Collected data entries

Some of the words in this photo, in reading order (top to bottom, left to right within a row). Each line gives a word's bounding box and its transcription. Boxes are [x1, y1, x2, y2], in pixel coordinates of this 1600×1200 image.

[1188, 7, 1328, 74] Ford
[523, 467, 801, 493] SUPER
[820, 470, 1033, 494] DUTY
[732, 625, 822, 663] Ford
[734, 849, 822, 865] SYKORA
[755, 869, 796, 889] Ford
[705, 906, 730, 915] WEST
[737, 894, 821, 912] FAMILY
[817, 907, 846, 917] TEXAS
* * *
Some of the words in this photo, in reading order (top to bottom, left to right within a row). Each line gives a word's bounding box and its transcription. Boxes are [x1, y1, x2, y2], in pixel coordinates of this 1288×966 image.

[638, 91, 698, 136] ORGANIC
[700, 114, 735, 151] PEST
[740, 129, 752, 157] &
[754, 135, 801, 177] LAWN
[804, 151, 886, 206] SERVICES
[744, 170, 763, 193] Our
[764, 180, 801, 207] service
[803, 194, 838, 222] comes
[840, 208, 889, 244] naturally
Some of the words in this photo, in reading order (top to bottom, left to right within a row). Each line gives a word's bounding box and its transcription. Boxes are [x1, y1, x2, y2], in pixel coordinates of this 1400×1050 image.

• Your task
Beginning at the line above with "this 1288×966 image." and finishing at the line with "this 1400×1050 image.", return each line exactly and return nothing else.

• Answer area
Some of the words in this photo, in reading order (top to bottom, left to right within a row). Each line gives a word's bounding box and its transcription. Boxes are [x1, y1, x2, y2], in pixel coordinates of this 1288×966 image.

[638, 91, 698, 136] ORGANIC
[700, 114, 735, 151] PEST
[740, 129, 752, 157] &
[754, 135, 801, 177] LAWN
[804, 151, 886, 206] SERVICES
[744, 170, 763, 193] Our
[764, 180, 801, 207] service
[803, 194, 838, 222] comes
[840, 208, 889, 244] naturally
Some of the words in this photo, in reading order (top to bottom, left to right within a row). Each line gives a word's bounding box and its transcription. Boxes are [x1, y1, x2, y2], in pixel coordinates of this 1400×1050 image.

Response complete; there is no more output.